Characterizing Side Effects of Lung Cancer Targeted Therapies via High-Throughput Analysis of Electronic Health Record Databases

Abstract

Lung cancer is the second most common cancer in both men and women in the United States and the leading cause of cancer death. Targeted therapies, which represent an effective treatment option for the disease, work by inhibiting specific cancer driver mutations identified via genetic sequencing of the tumor. Nearly 30 such drugs are approved for standard-of-care use with many more under development. Despite the prevalence of this class of therapies, collecting generalizable information on individual drug toxicities remains challenging given the infrequent use of most targeted therapies by single treatment centers. The CancerLinQ Discovery database synthesizes and deidentifies electronic health record data from millions of cancer patients treated at a variety of practice sizes and geographic distributions. Diagnosis codes present in the database not only provide cancer diagnosis details but can also be used to understand side effects of specific treatments. In this project, I leverage deep phenotyping, high-throughput association studies, and time-to-event analysis to characterize the side effect profiles of lung cancer targeted therapies from the CancerLinQ database.
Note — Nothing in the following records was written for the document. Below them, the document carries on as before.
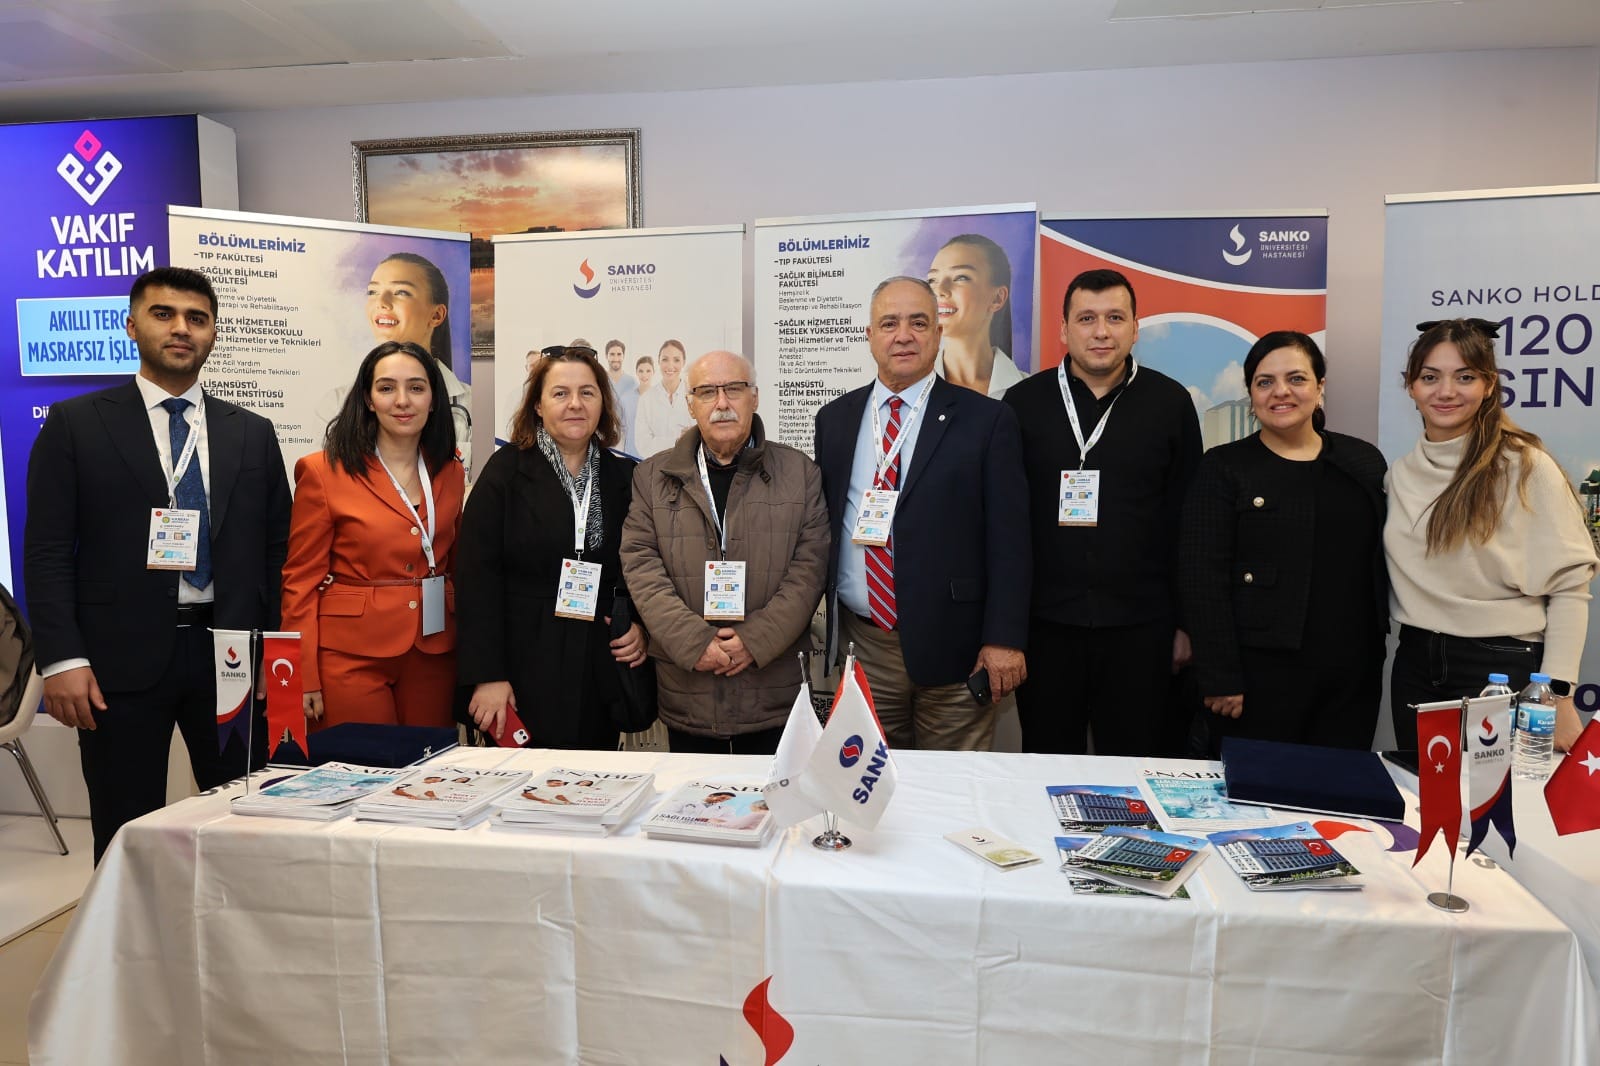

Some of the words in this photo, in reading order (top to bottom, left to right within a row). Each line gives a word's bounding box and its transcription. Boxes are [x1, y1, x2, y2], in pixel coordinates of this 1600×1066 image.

[51, 213, 135, 244] VAKIF
[1259, 231, 1310, 242] SANKO
[199, 232, 305, 252] BÖLÜMLERİMİZ
[778, 234, 870, 252] BÖLÜMLERİMİZ
[37, 246, 155, 279] KATILIM
[216, 252, 264, 263] FAKÜLTESİ
[792, 254, 832, 265] FAKÜLTESİ
[235, 268, 278, 278] BİLİMLERİ
[608, 264, 656, 276] SANKO
[807, 268, 844, 278] BİLİMLERİ
[779, 279, 818, 288] FAKÜLTESİ
[1431, 287, 1522, 307] SANKO
[218, 302, 238, 310] terapi
[50, 310, 90, 331] AKILLI
[236, 316, 288, 327] HİZMETLERİ
[807, 316, 852, 326] HİZMETLERİ
[215, 326, 238, 334] SLEK
[239, 326, 303, 336] YÜKSEKOKULU
[779, 327, 808, 335] MESLEK
[810, 325, 865, 334] YÜKSEKOKULU
[1499, 313, 1593, 356] 120
[226, 336, 267, 344] Hizmetler
[281, 338, 321, 346] Teknikleri
[779, 336, 797, 344] Tıbbi
[798, 336, 834, 344] Hizmetler
[846, 335, 869, 343] Teknik
[28, 341, 105, 362] MASRAFSIZ
[109, 336, 141, 364] İŞLE
[214, 345, 250, 354] eliyathane
[237, 389, 284, 398] ENSTİTÜSÜ
[779, 387, 804, 396] EĞİTİM
[258, 400, 284, 408] Lisans
[274, 423, 301, 431] ilitasyon
[1474, 748, 1505, 760] SANKO
[852, 739, 888, 804] SANK
[1156, 771, 1221, 779] NABI
High-throughput phenome-wide association studies applied to this database not only identify clinically significant side effects concordant with the published toxicity profiles of lung cancer targeted therapies, but also identify unique side effects underreported in existing post-marketing surveillance databases that warrant further investigation. Time-to-event analyses further expand upon this toxicity characterization by incorporating details about the timing of specific side effects. This framework scales across diverse medical therapies and integrates well with other informatics tools such as clinical decision support and patient-reported outcome research.